Notice that the output informs us that the number of levels LEFT_INTEREST_AREA_LABEL does not match the number of interest areas listed in NoIA. This is because we only have data from the right eye (hence, all samples in LEFT_INTEREST_AREA_LABEL are listed as “Outside”).

### Check encoding of interest areas

The subsequent preprocessing requires that the interest area IDs are numerically coded, with values ranging from 0 (i.e., outside all interest areas) up to a maximum of 8. So, it’s important to check that the IDs present in the data set, conform to this. The check_ia functions does just this and indicates how those IDs are mapped to the interest area labels.

check_ia(data = dat1)
##  RIGHT_IA_ID RIGHT_IA_LABEL
##            0        Outside
##            1     Target_IA
##            2  RhymeComp_IA
##            3  OnsetComp_IA
##            4   Distract_IA
##  LEFT_IA_ID LEFT_IA_LABEL
##           0       Outside
## Interest Area IDs for the right eye are coded appropriately between 0 and 8.
## Interest Area IDs for the left eye are coded appropriately between 0 and 8.
## Interest Area ID and label mapping combinations for the right eye are consistent.
## Interest Area ID and label mapping combinations for the left eye are consistent.

If your interest area IDs do not conform to the required coding, or you would like to create new labels for your existing interest areas, please consult the Interest Areas vignette. That vignette illustrates how to relabel existing interest area codings (as well as remap the gaze data to entirely new interest areas, should you so desire).

## Creating the Time series column

The function create_time_series creates a time series (a new column called Time) which is required for subsequent processing, plotting, and modeling of the data. It is common to export a period of time prior to the onset of the stimulus as a baseline. In this case, an adjustment (equal to the duration of the baseline period) must be applied to the time series, specified in the Adjust parameter. In effect, the adjustment simply subtracts the given value to each time point. So, a positive value will shift the zero point forward (making the initial zero a negative time value), while a negative value will shift the zero point backward (making the initial zero a positive time value). An example illustrating this can be found in the Message Alignment vignette. In the example below, the data were exported with a 100ms pre-stimulus interval.

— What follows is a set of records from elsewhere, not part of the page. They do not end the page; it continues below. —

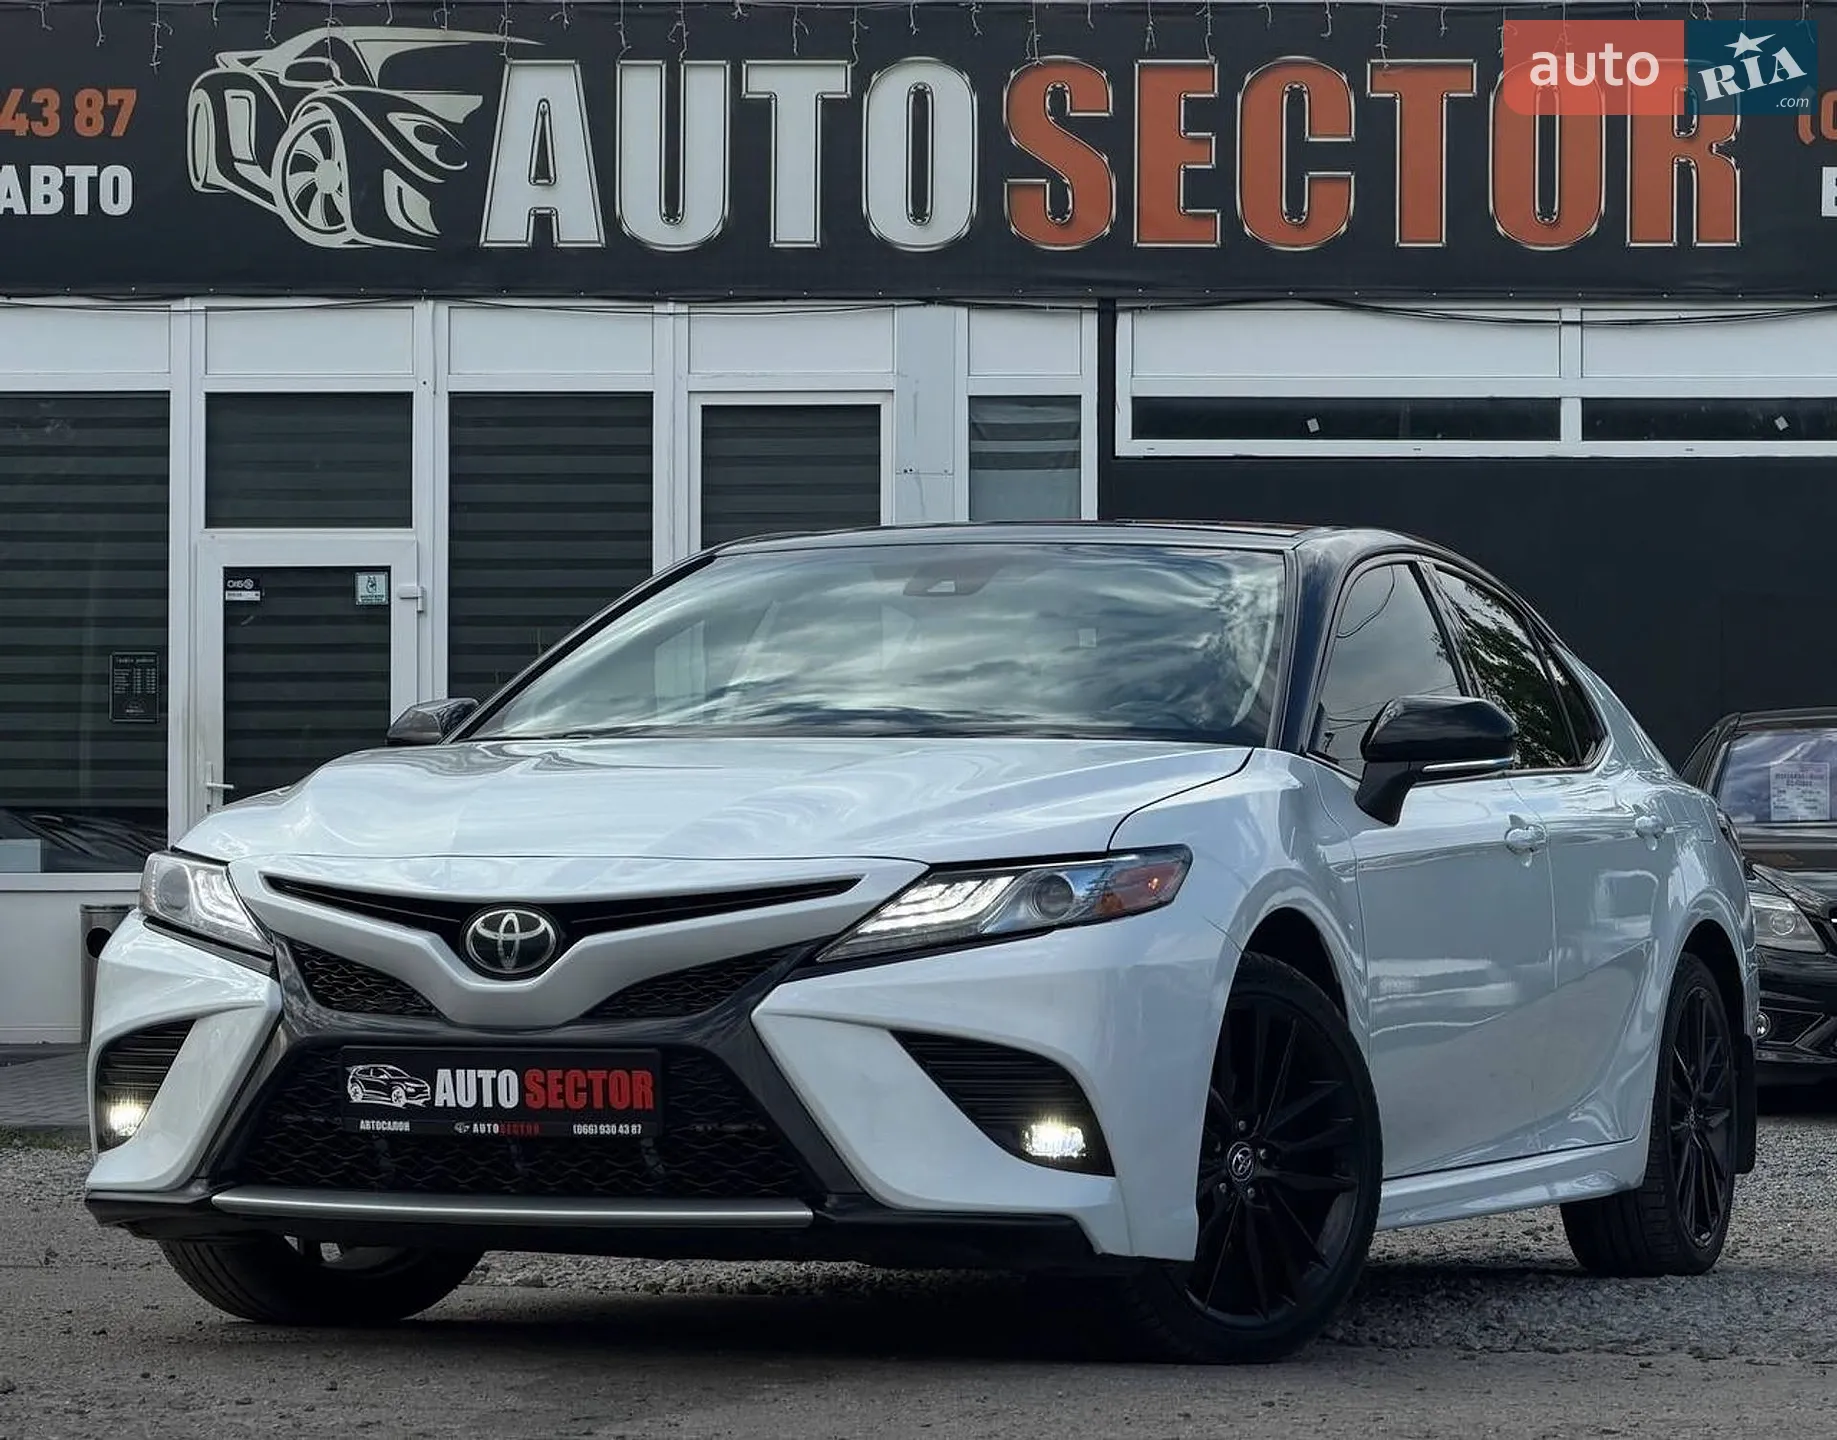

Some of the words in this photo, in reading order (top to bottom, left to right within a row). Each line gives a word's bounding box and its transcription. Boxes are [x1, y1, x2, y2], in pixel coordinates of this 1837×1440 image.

[0, 87, 60, 137] 43
[75, 87, 137, 137] 87
[0, 164, 133, 216] АВТО
[434, 1069, 519, 1109] AUTO
[525, 1068, 653, 1110] SECTOR
[599, 1123, 617, 1135] 930
[618, 1123, 630, 1135] 43
[631, 1123, 642, 1135] 87
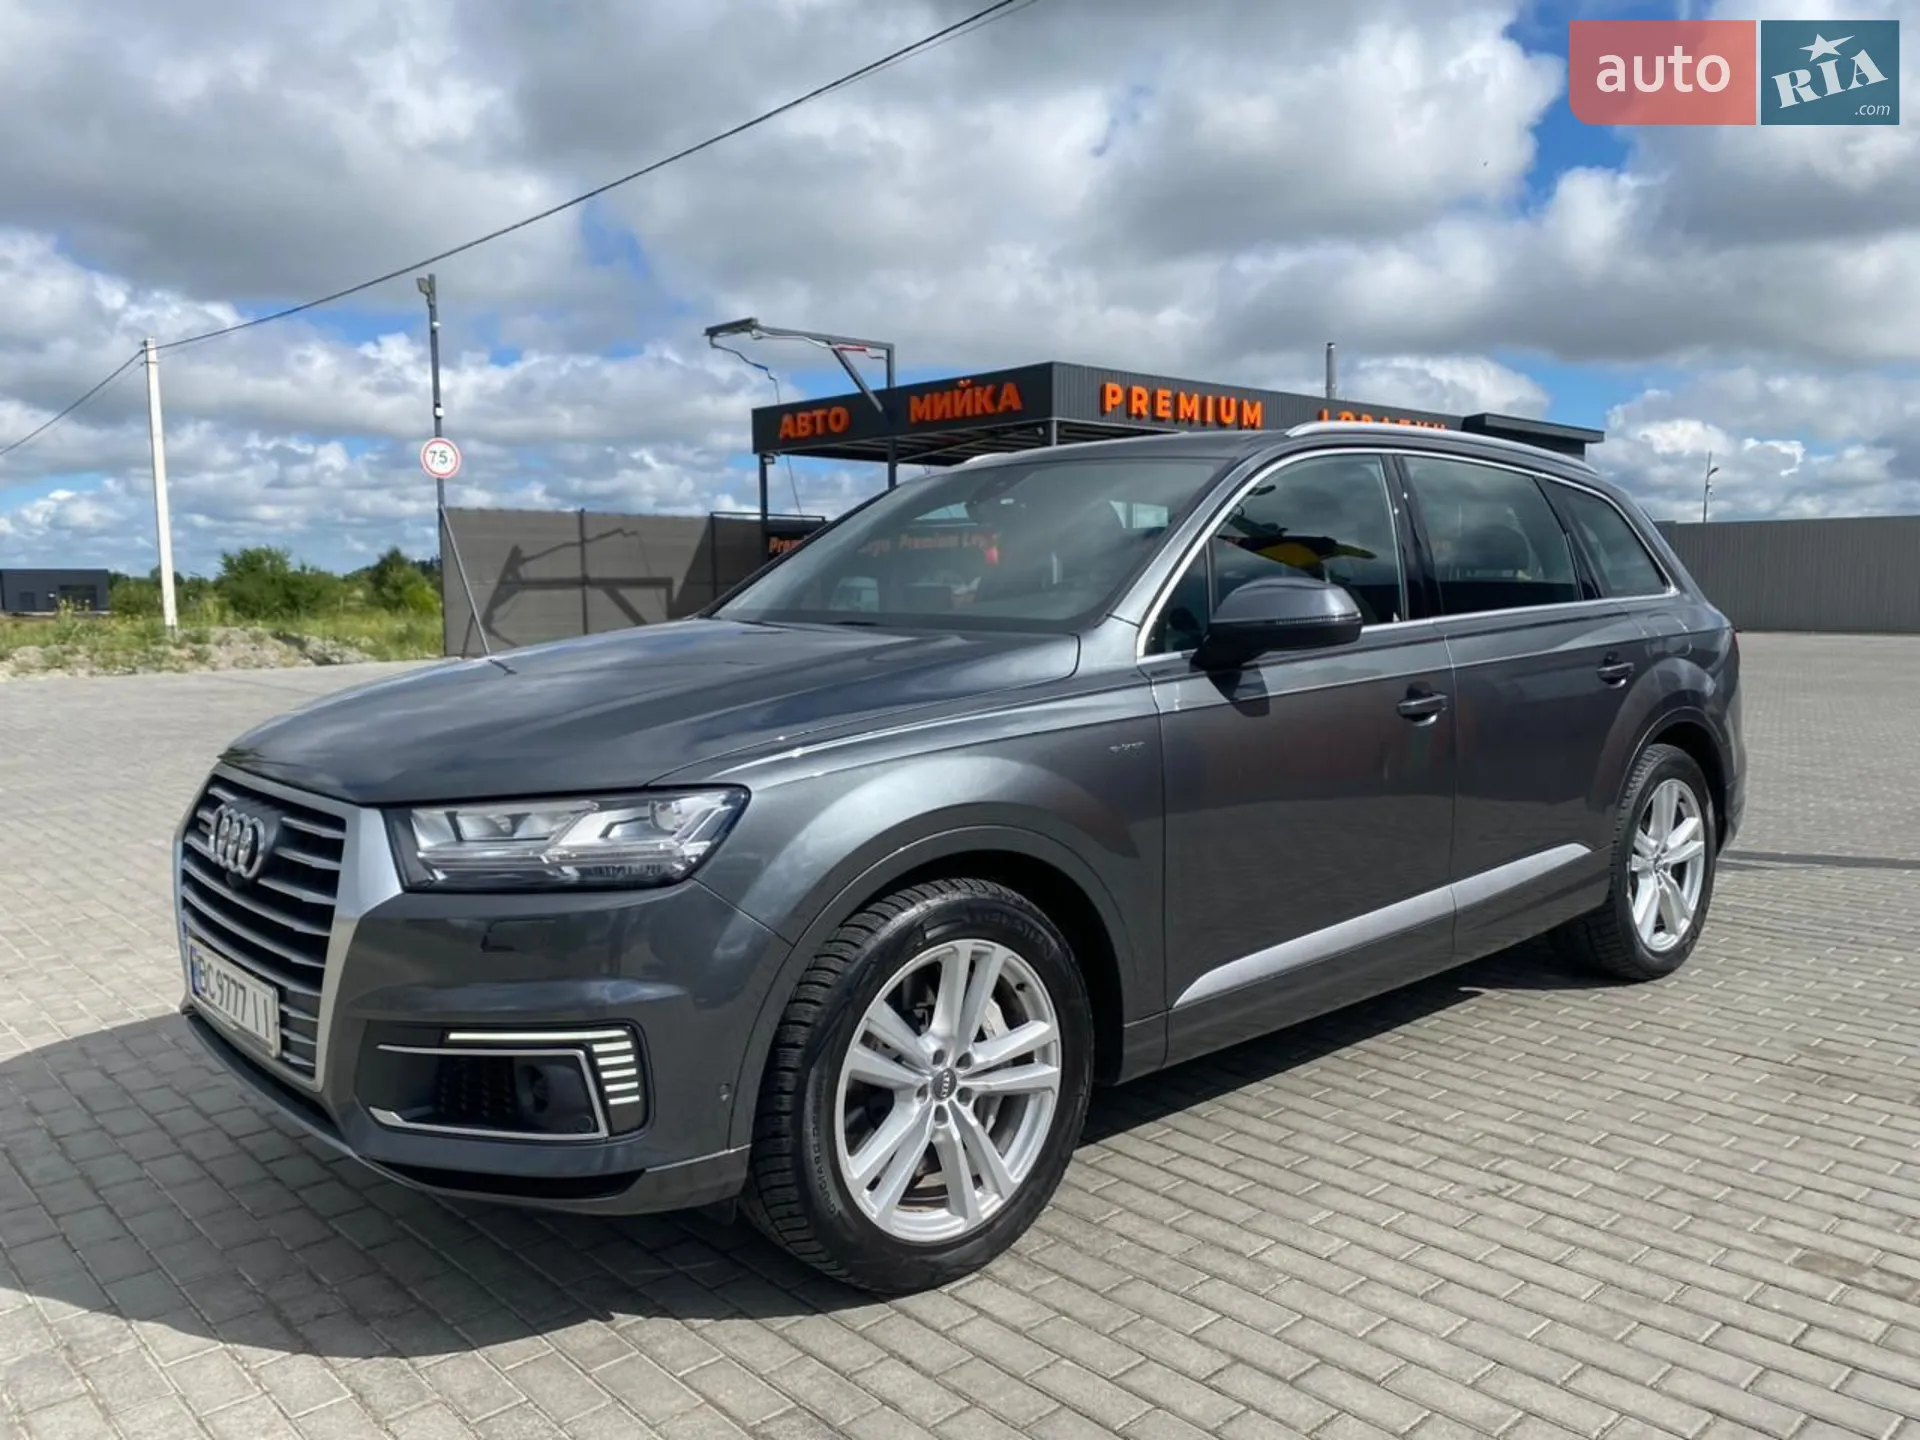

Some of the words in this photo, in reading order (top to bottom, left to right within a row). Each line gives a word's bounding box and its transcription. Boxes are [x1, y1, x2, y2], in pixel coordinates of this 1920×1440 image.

[778, 406, 851, 441] АВТО
[909, 379, 1023, 423] МИЙКА
[1102, 381, 1265, 430] PREMIUM
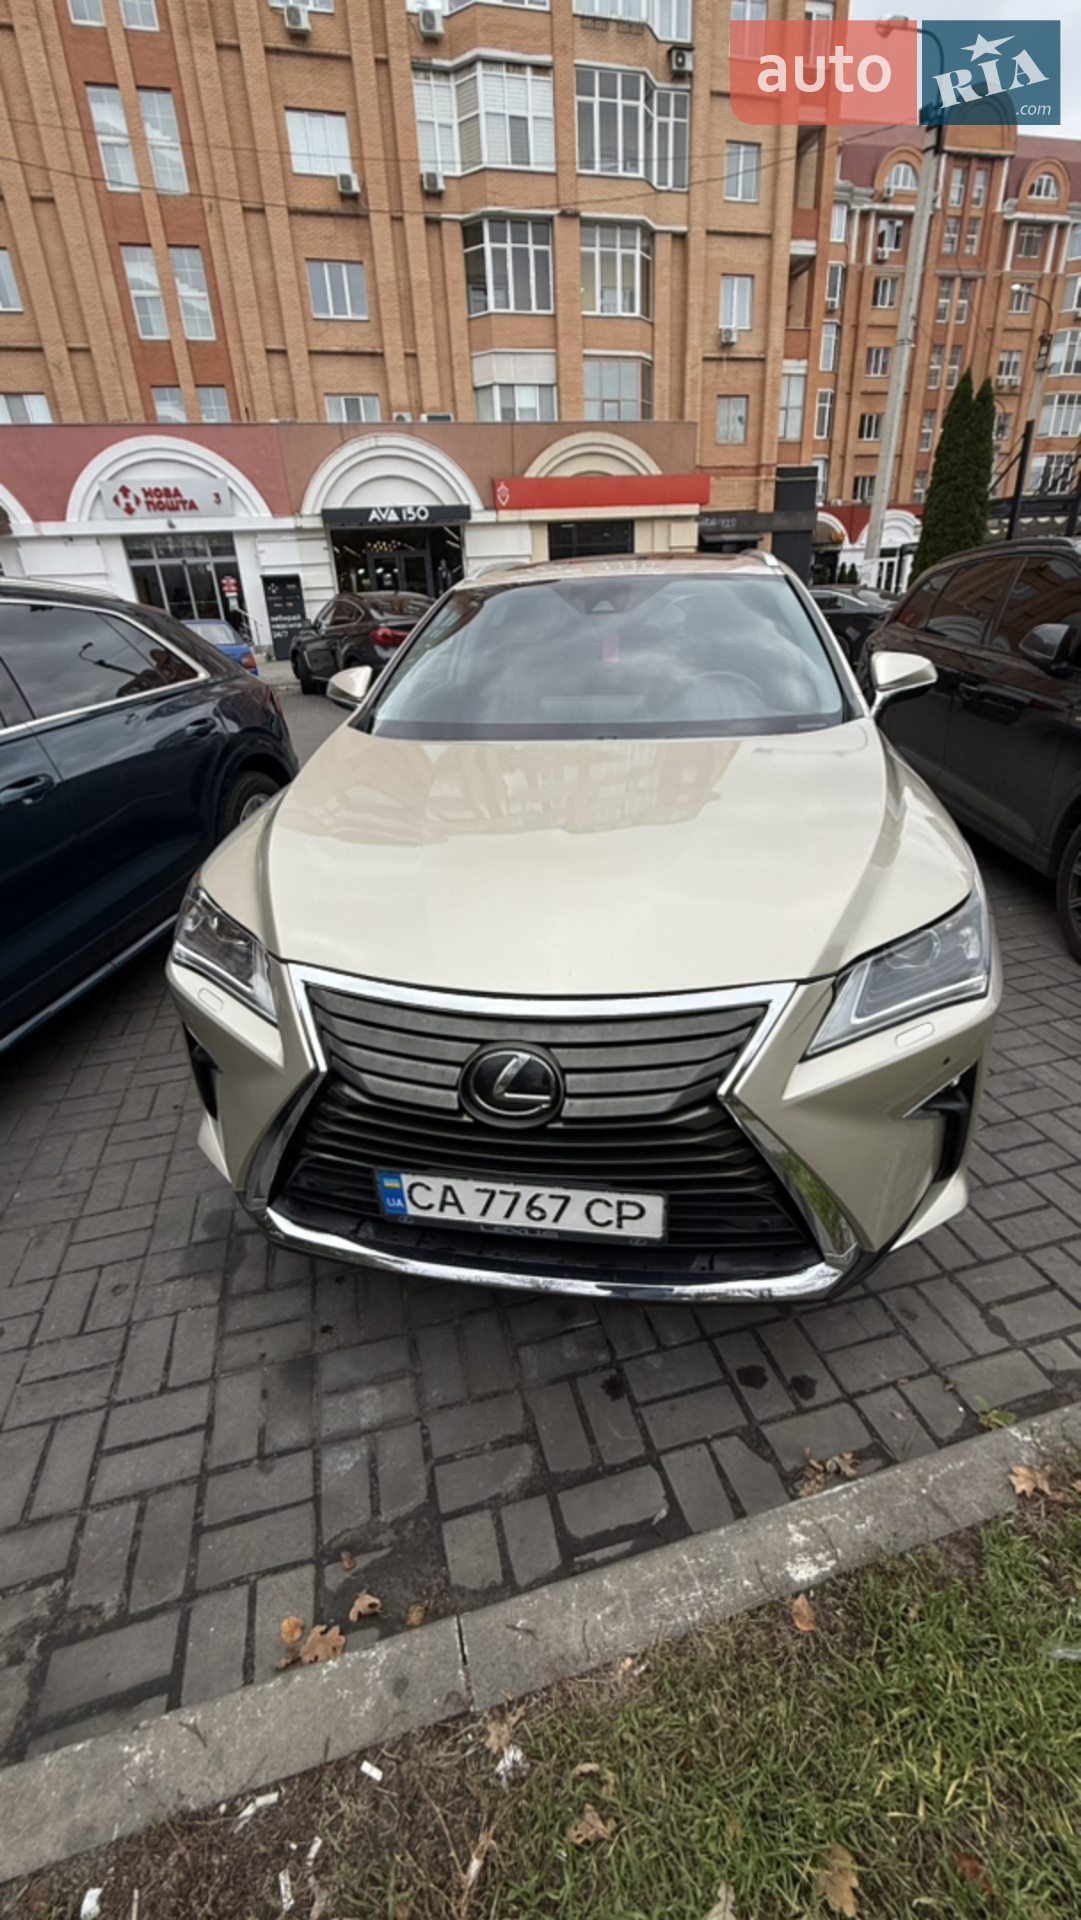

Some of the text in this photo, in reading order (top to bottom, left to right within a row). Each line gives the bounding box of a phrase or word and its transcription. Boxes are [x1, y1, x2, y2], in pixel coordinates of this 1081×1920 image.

[141, 486, 183, 499] НОВА
[213, 491, 222, 505] 3
[145, 499, 199, 512] ПОШТА
[387, 1197, 404, 1209] UA
[407, 1181, 646, 1229] CA 7767 CP
[479, 1224, 559, 1239] LEXUS

dat2 <- create_time_series(data = dat1, Adjust = 100)
## 100 ms adjustment applied.

Note that if you have used the align_msg function (illustrated in the Message Alignment vignette), you may need to specify a column name in Adjust. That column can be used to apply the recording event specific adjustment to each trial. Consult that vignette for further details.

The function check_time_series can be used to verify the time series. It outputs the unique start times present in the data. These will be the same standardized time point relative to the stimulus if you have exported your data from Data Viewer with pre-defined interest period relative to a message. By specifying the parameter ReturnData = T, the function can return a summary data frame that can be used to inspect the start time of each event. As you can see below, by providing Adjust with a postive value, we have effectively shifted the zero point forward along the number line, causing the first sample to have a negative time value.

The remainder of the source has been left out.